CV NEWS FEED // A new study found that college admissions officers give preferential treatment to applicants who list “preferred pronouns” in their communications with schools.
Economists I. Maupin of West Virginia University and Bryan C. McCannon of Illinois Wesleyan University conducted the study.
Writing for The Daily Signal, The Heritage Foundation’s GianCarlo Canaparo reported that Maupin and McCannon “sent emails to college admissions counselors at 500 randomly selected colleges and universities in the United States.”
Canaparo noted that “some of the emails included pronouns in the signature line—‘he/him,’ ‘she/her,’ or ‘xe/xem.’” Meanwhile, other emails – the control group – included no pronouns.
Emails with pronouns “received responses 4% more often” than those without, he added.
However, an increased response rate was not the only benefit apparently afforded to emails with pronouns.
“Responses to pronoun users were ‘more positive’ and ‘friendlier,’ including ‘heightened use of exclamation marks and emojis,’” Canaparo wrote. “Admissions officers used exclamation marks 10.5% more often with pronoun users and used emojis 141.7% more often with pronoun users.”
Emails without pronouns in the signature line, on the other hand, mainly received “strictly factual replies.”
For example, the researchers sent the same email to three college admissions officers: two with pronouns and one without.
The responses to the two emails with pronouns both included overtly polite language. One thanked the fictitious “applicant” for the email, and the other closed with the phrase “warm regards.” Both asked if the “applicant” had moved.
However, the response to the one email without pronouns conveyed a straightforward, neutral tone. It simply answered the “applicant’s” question and did not ask the applicant if he or she had moved.
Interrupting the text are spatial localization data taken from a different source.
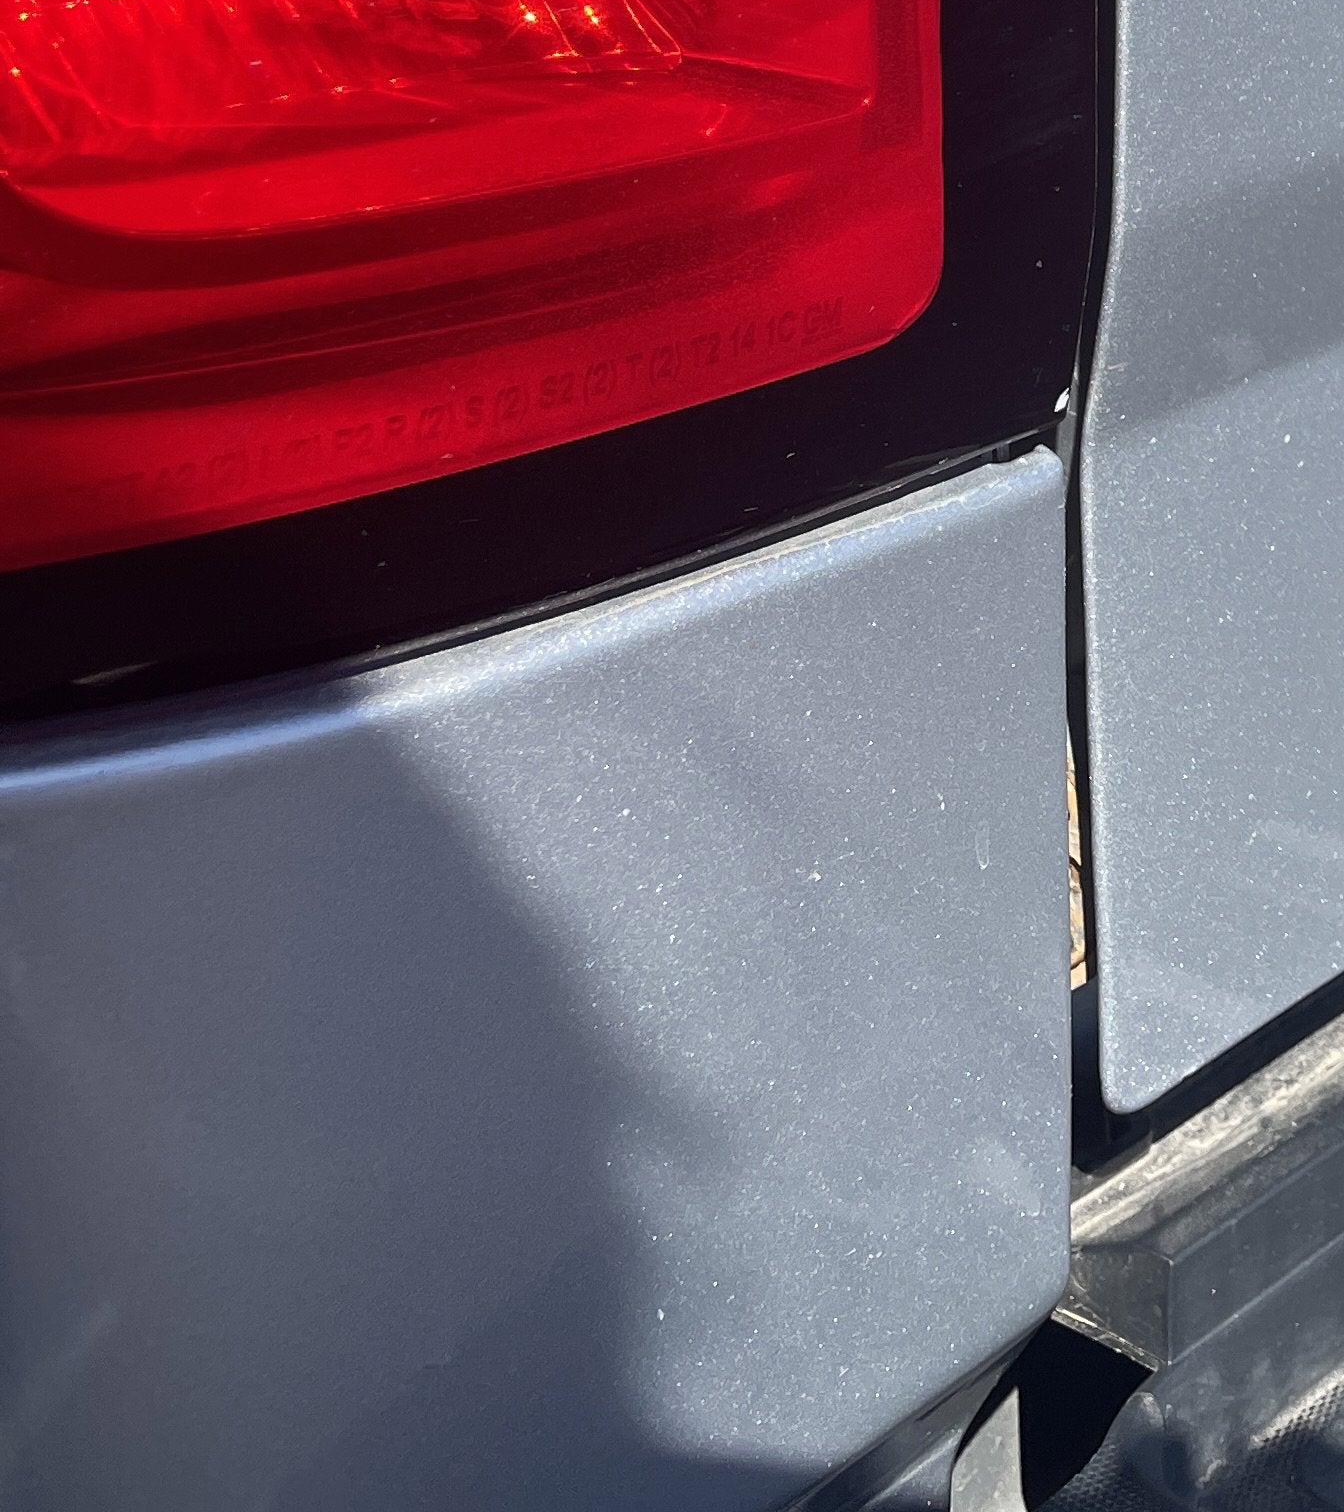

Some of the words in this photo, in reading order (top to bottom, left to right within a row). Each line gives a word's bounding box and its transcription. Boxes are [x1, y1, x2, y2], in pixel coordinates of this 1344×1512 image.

[464, 392, 483, 431] S
[493, 380, 529, 430] (2)
[583, 356, 617, 406] (2)
[625, 351, 642, 386] T
[649, 340, 681, 388] (2)
The researchers indicated that, per the results of the study, the “type of pronouns” made a difference as well. For example, emails that included standard male or female pronouns received practically identical responses to emails that included the “neo-pronouns” of “xe/xem.”
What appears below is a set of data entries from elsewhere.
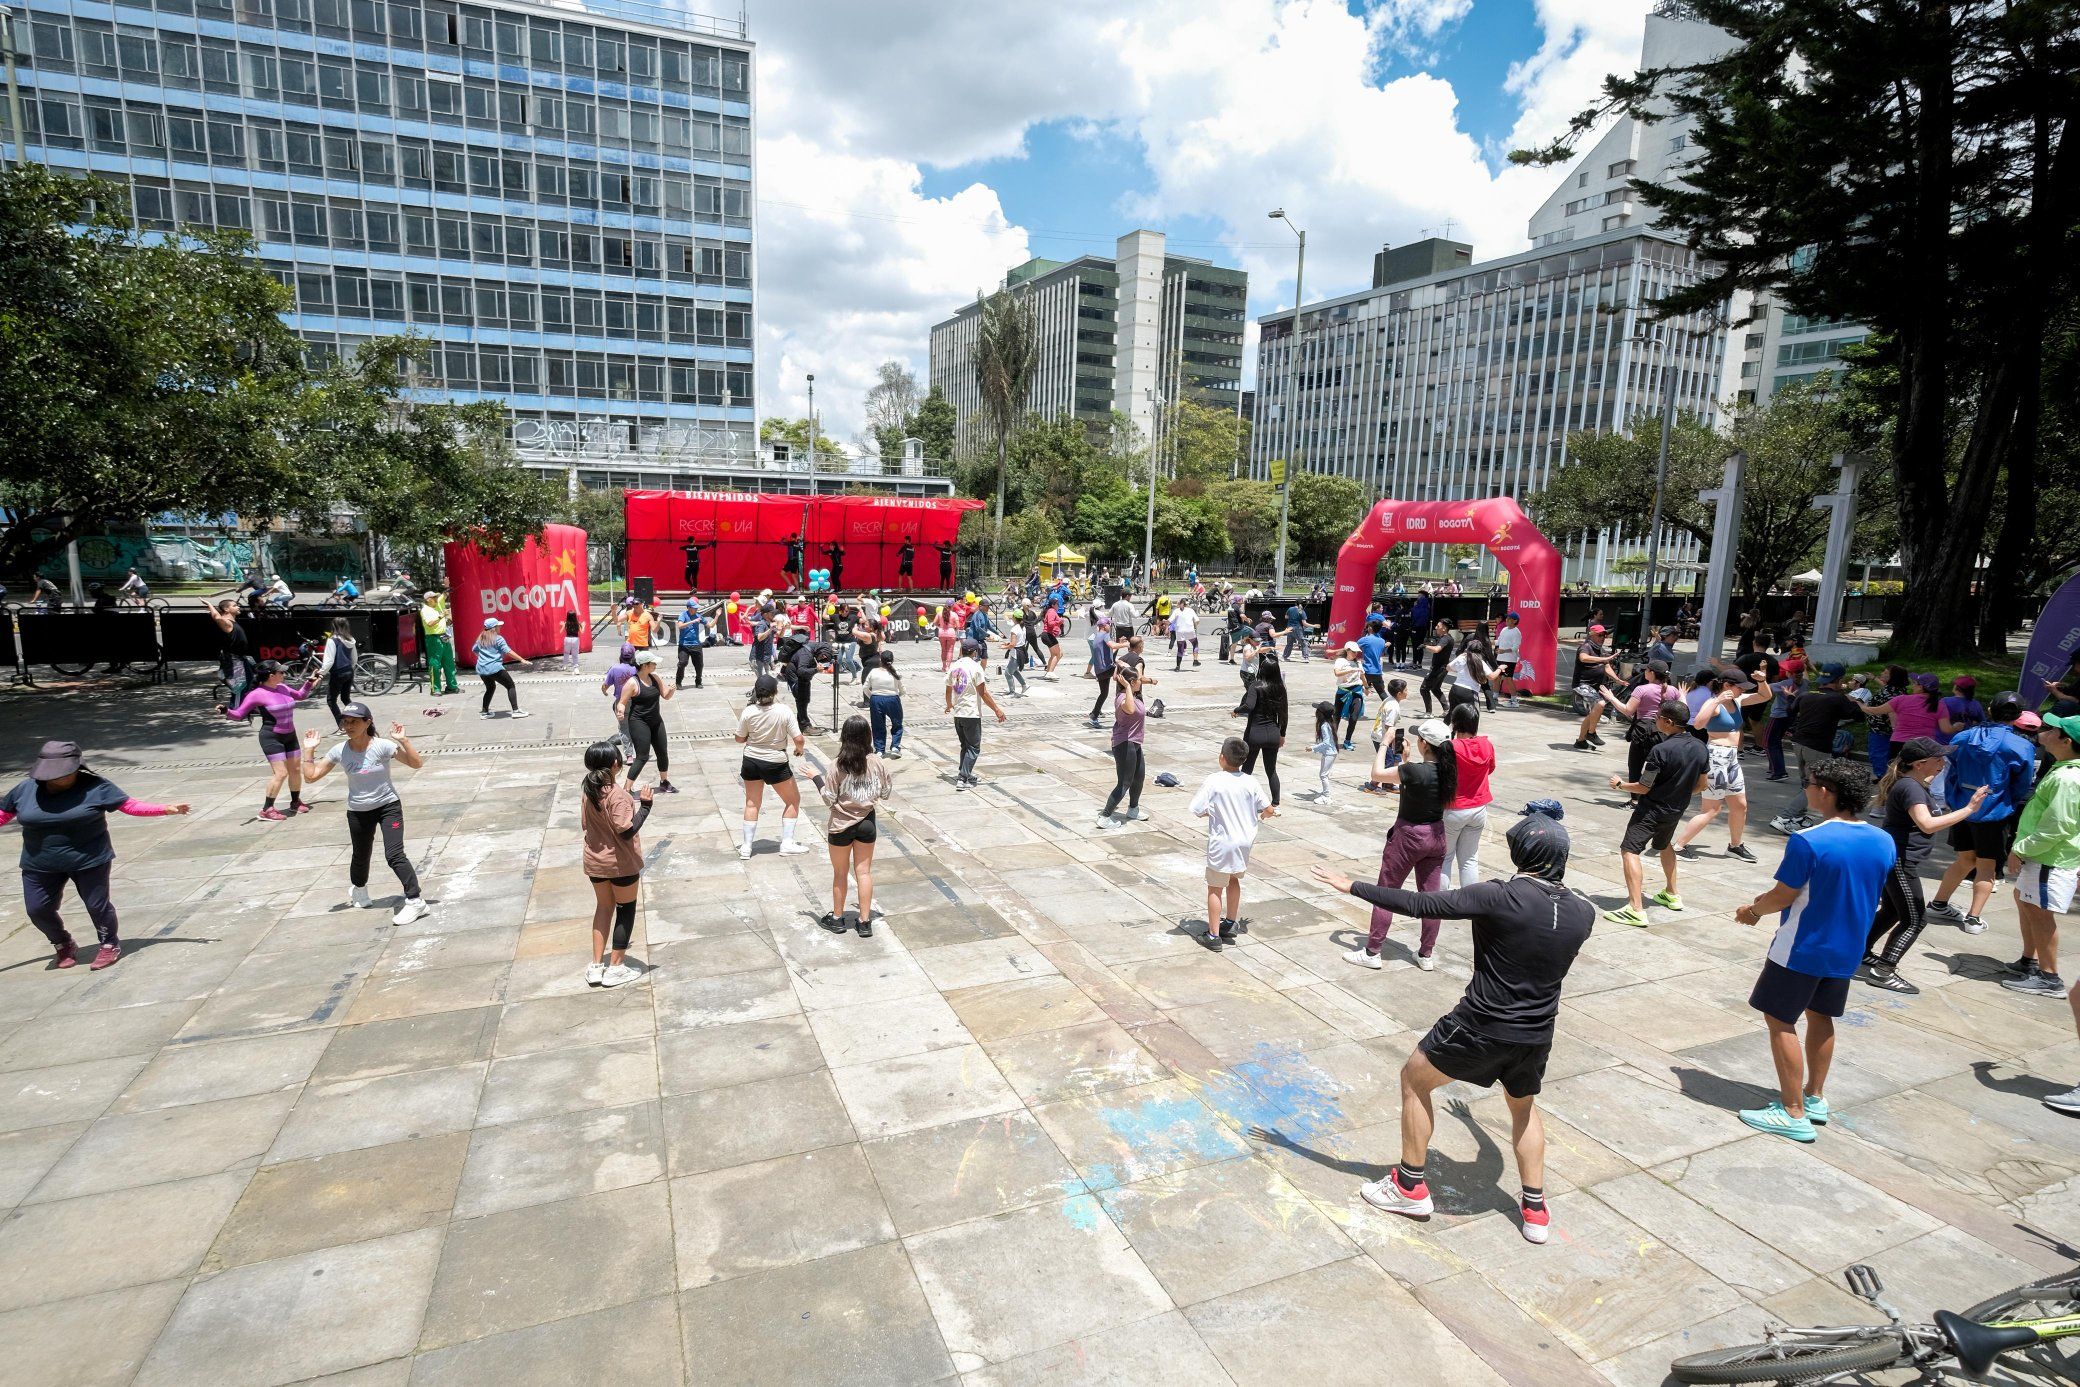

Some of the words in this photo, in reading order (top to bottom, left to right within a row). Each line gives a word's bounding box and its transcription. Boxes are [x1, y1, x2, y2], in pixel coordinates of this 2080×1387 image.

[686, 491, 759, 503] BIENVENIDOS
[874, 498, 937, 509] BIENVENIDOS
[1406, 517, 1427, 530] IDRD
[1340, 585, 1355, 593] IDRD
[1520, 600, 1541, 609] IDRD
In other words, the counselors seemed only to care that an applicant used a pronoun at all. So-called “non-binary” applicants did not appear to receive superior treatment.
The only difference in treatment was instead between “pronoun-users” and “non-pronoun-users.”
“This suggests a preference for students that are more progressive in their thinking,” the researchers concluded.
If you follow this logic one step further, the end result is that pronoun users will have an easier time getting through the application process and will tend to feel more welcome at a school than non-users will.
It may be a small effect in the grand scheme of things, but it’s only one small effect among thousands of similar effects. And just as thousands of raindrops will fill a bucket, thousands of little discriminations will fill a university with the preferred sort of student.